Adam’s Blog

That’s my thing, keepin’ the faith, baby. –Joe Friday

$elling Abortion To Religious Women

Posted by Adam Graham on May 23, 2007

Are Religious women in Boise being sold abortions?

Pro-Choicers often intone that a woman’s choice on abortion should be left between a woman, her doctor, and her God. Let’s for a moment accept this point for the sake of argument, (though rarely is an abortion performed by the woman’s personal doctor, but by some other doctor she has never met and hopes to never see again.)

It’s fair to ask what the role of the doctor in all this? It would seem the role of the doctor would be to provide medical information/advice to the woman. If you answered that it’s the job of the doctor to insert himself into the relationship between the woman and Her God, congratulations, you agree with Planned Parenthood of Idaho.

I have obtained materials from a confidential source that Planned Parenthood of Idaho hands out to religious clients. If you’ve never seen, “I personally have a firm belief in God. It is my belief that Jesus Christ died on the cross for our sins approximately 2,000 years ago and that He will come again” in a handout from your doctor, you’ve never obtained an abortion at Planned Parenthood in Idaho in a situation where they believe you to be religious.

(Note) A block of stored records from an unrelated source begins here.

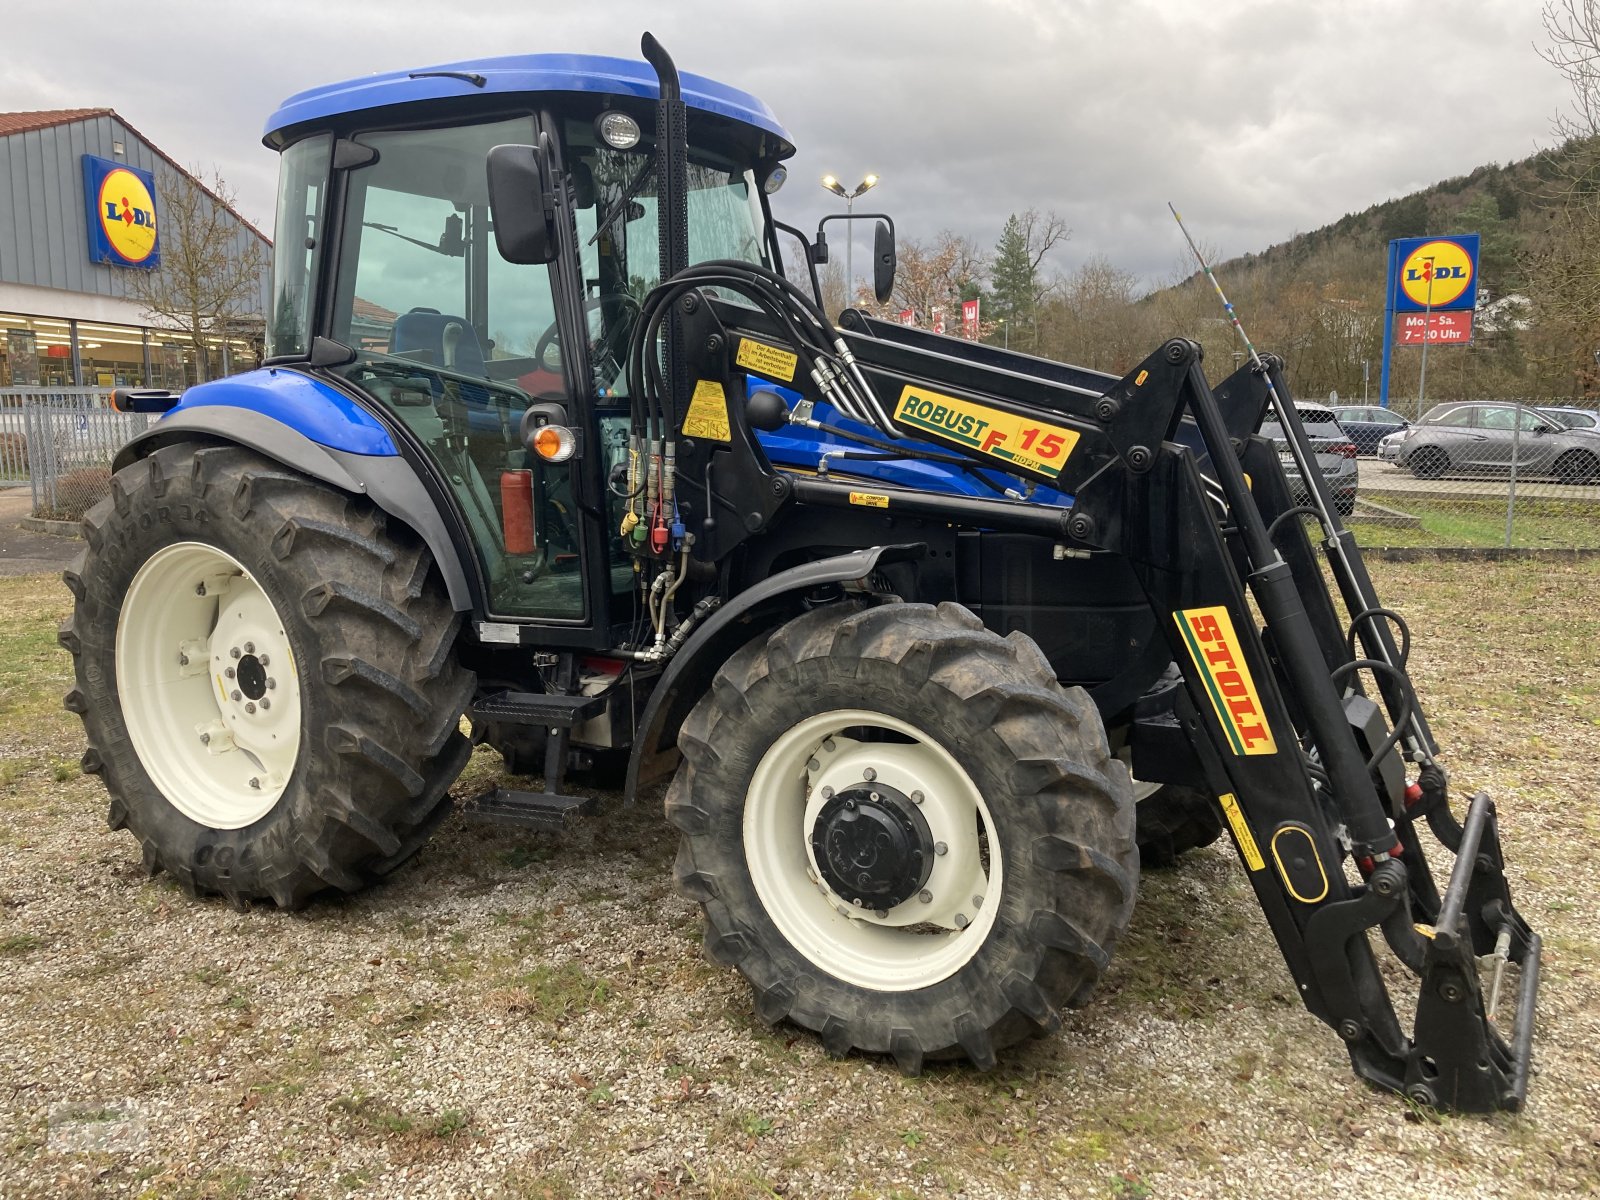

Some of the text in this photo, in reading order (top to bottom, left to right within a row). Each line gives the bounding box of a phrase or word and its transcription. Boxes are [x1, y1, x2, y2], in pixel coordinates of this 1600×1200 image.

[1439, 315, 1456, 325] Sa.
[1405, 330, 1412, 340] 7
[1440, 328, 1462, 339] Uhr
[766, 349, 792, 360] Aufenthalt
[902, 395, 1066, 460] ROBUST F 15
[1011, 454, 1041, 471] HDPM
[1190, 614, 1269, 749] STOLL
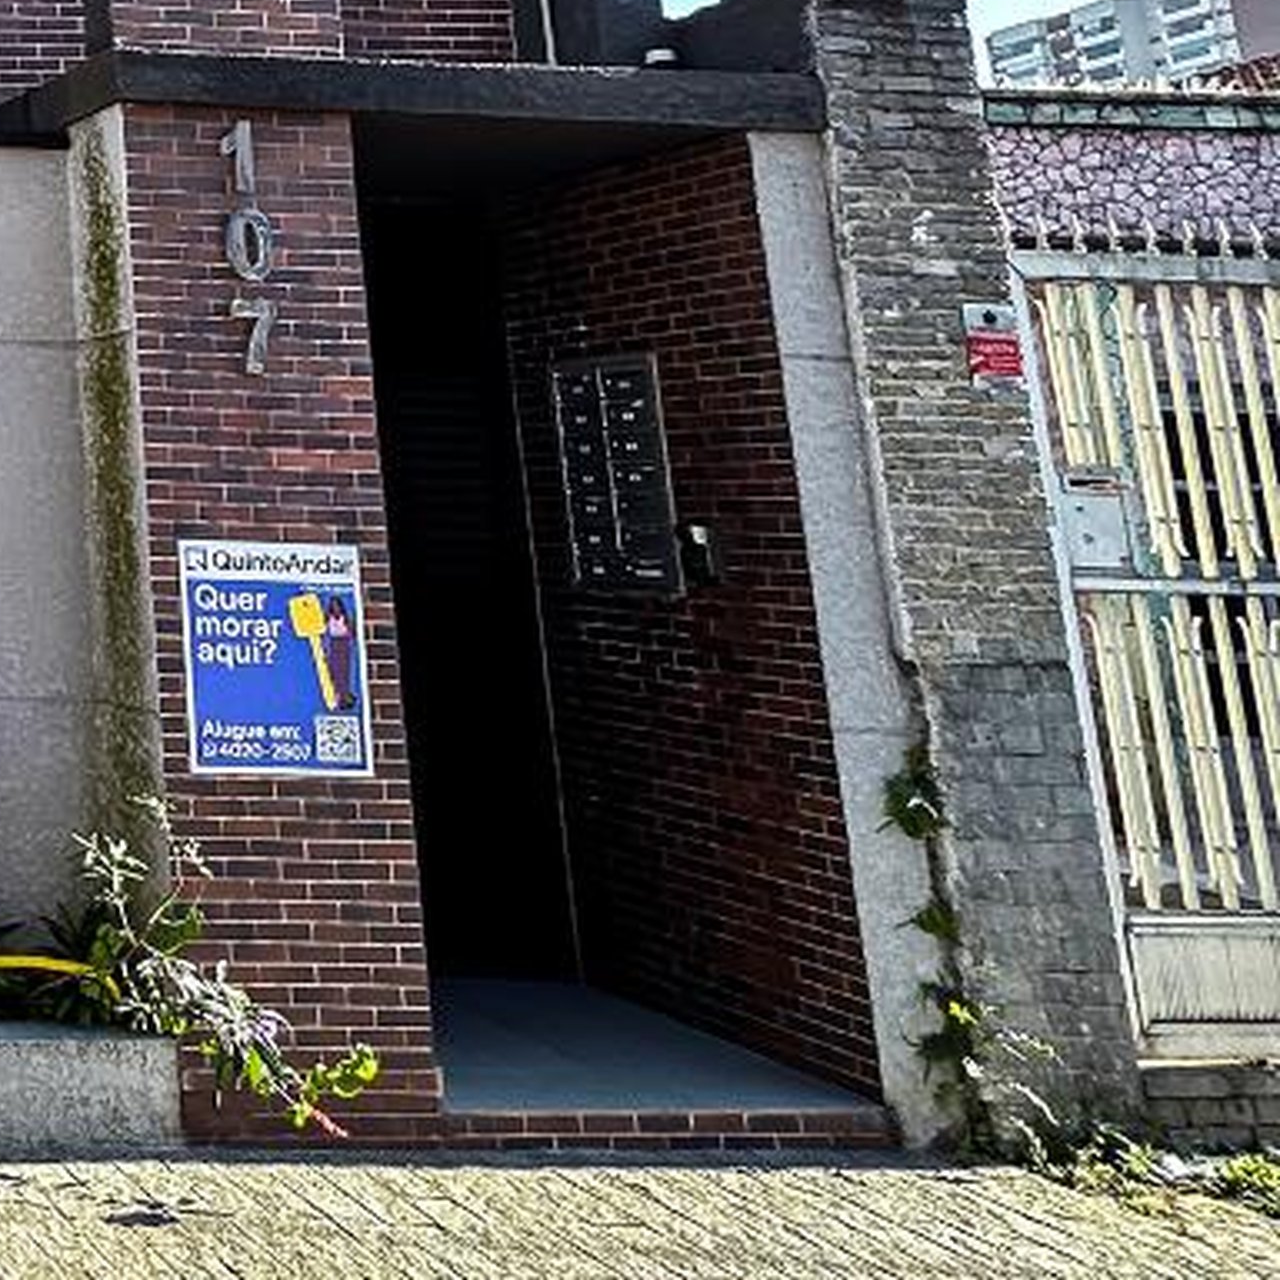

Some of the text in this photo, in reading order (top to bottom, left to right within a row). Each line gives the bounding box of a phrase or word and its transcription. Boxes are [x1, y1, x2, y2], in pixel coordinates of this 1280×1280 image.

[212, 549, 354, 575] QuintoAndar
[194, 583, 268, 610] Quer
[195, 616, 283, 638] morar
[196, 639, 278, 668] aqui?
[202, 719, 266, 740] Alugue

Planned Parenthood’s materials pay lip service to women’s consciences. “A woman should listen to her conscience and choose that option which she feels is the right moral decision for her. If she has much doubt about what she should do, I feel she should not do anything.”

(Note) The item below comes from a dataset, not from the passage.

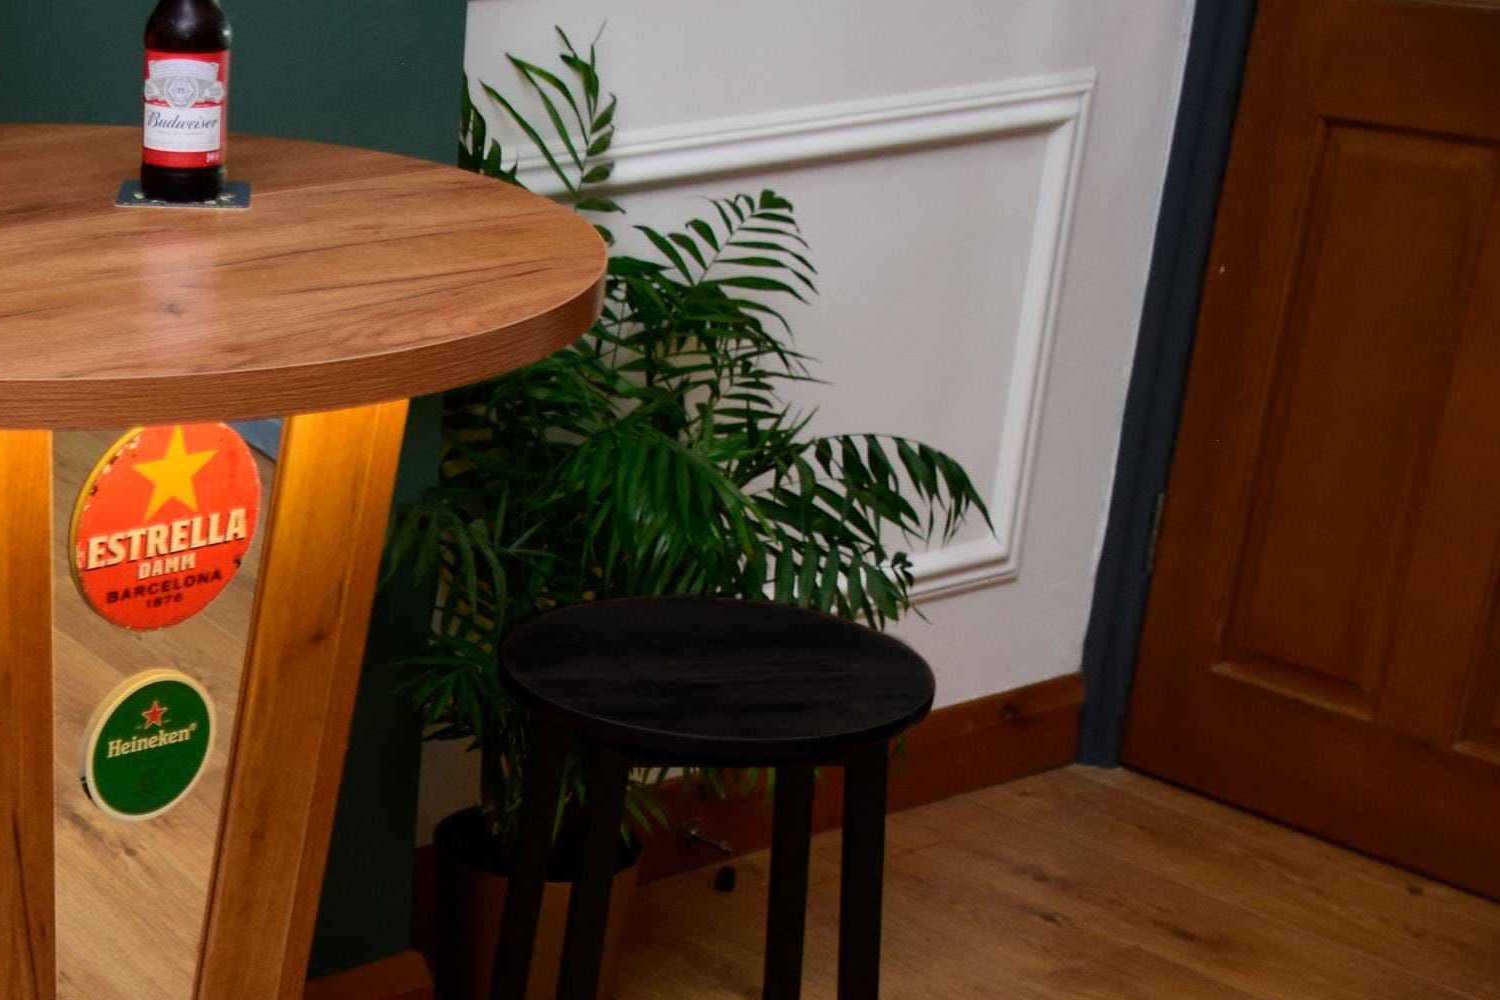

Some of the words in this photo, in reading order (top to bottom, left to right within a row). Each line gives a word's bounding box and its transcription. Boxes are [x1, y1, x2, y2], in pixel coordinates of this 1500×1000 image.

Of course, that doesn’t mean the folks at Planned Parenthood won’t try and change that conscience. Women are also handed a four page article on abortion and morality. The article is written by Dr. Duane St. Clair, MD, a local abortionist who provides his non-biased commentary on scripture and matters of conception using standard pro-choice theological arguments. While I missed the Divinity Degree after his name, I’m certain it was an omission, as I’m sure the doctor would not speak outside of his area of trained specialty.

I’ll address Dr. St. Clair’s arguments in a future post. In a larger sense, what he says is actually quite irrelevant. Whether or not you agree with these arguments doesn’t matter as much as the fact that they’re being handed out to religious women who are in a crisis pregnancy.

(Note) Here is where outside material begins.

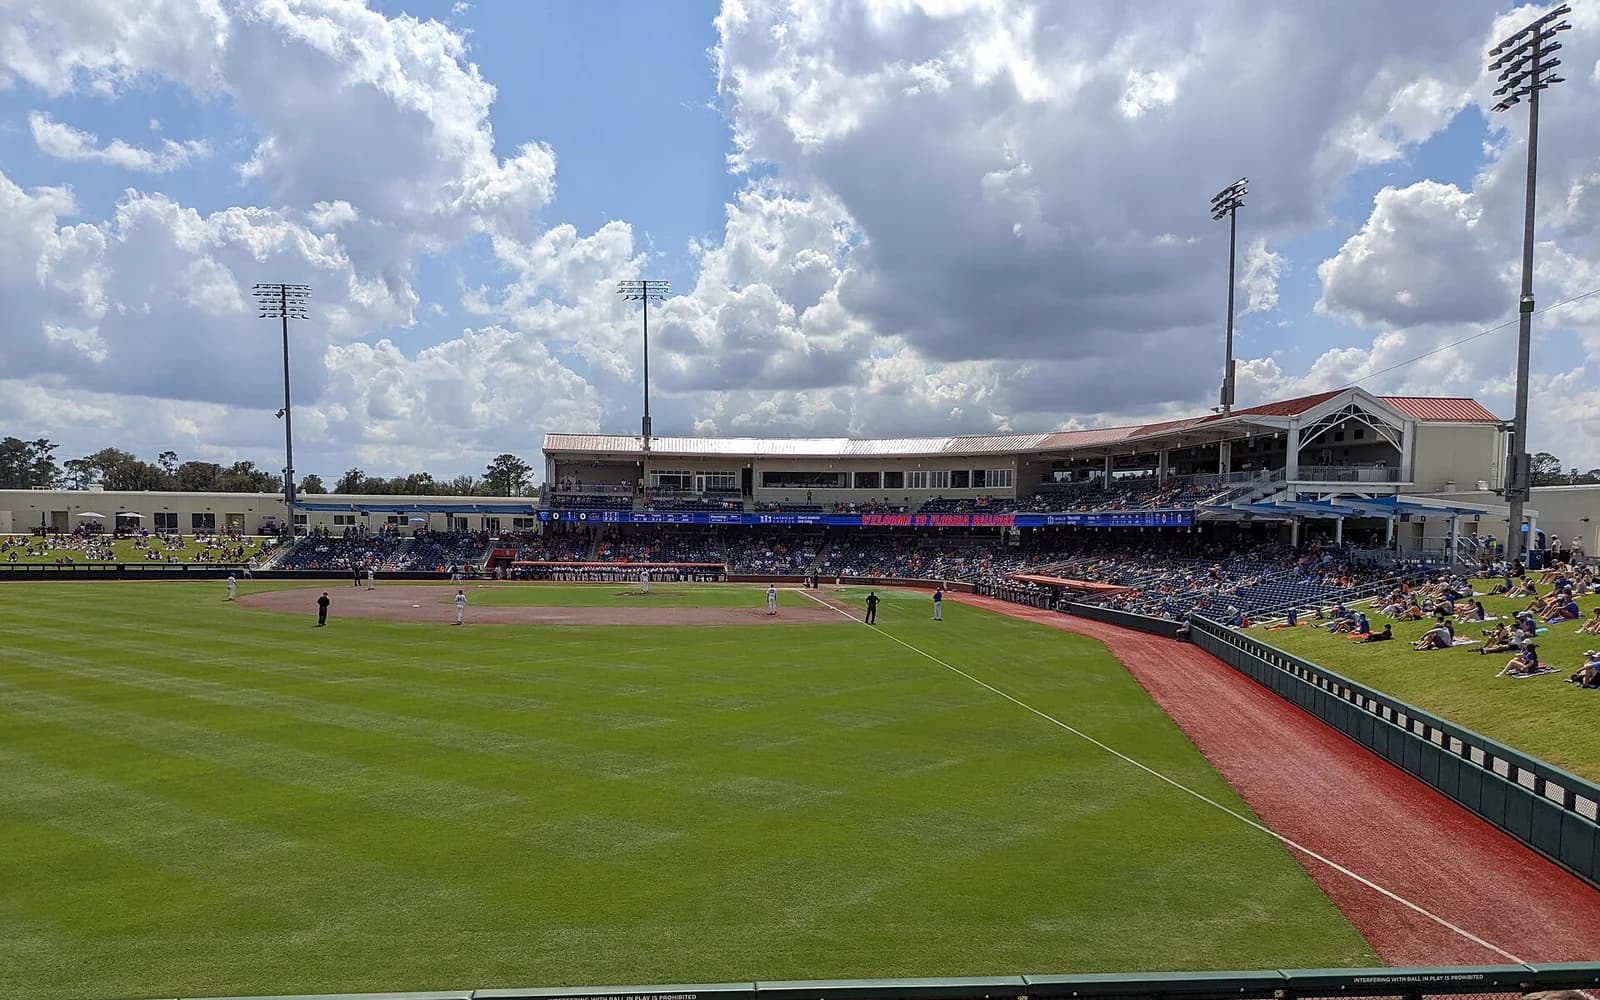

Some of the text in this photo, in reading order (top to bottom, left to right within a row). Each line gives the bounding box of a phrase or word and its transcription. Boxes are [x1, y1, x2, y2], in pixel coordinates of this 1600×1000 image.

If one were to be extremely kind, you could say that they are designed to make women “more comfortable” with the abortion decision. But this is not the job of the medical practitioner or a medical office.

If there is discomfort and doubts, it is not the job of the practitioner to give the woman theological arguments to explain why it’s okay, but to follow their own policy and discourage a woman from continuing with a procedure she’s uncertain of.

Instead, handing out this pamphlet amounts to trying to sell the woman on abortion. In the terminology of the sales world, this piece is being used to “overcome an objection.”

The problem is that legitimate medicine does not engage in salesmanship of a procedure, particularly one as life-altering as abortion. But with declining abortion rates, economics come into play. Less women getting abortions means less money for doctors, which means less doctors willing to perform the procedure.

Meanwhile, it’s women who will pay the price years down the road, as many realize the guilt and pain in their heart will not be salved by empty philosophizing. It is then that pregnancy centers come and pick up the pieces with post-abortion counseling. Were these abortion clinics more concerned with the patient’s long-term health rather than the clinic’s short-term pocketbook, it would save many women years of suffering.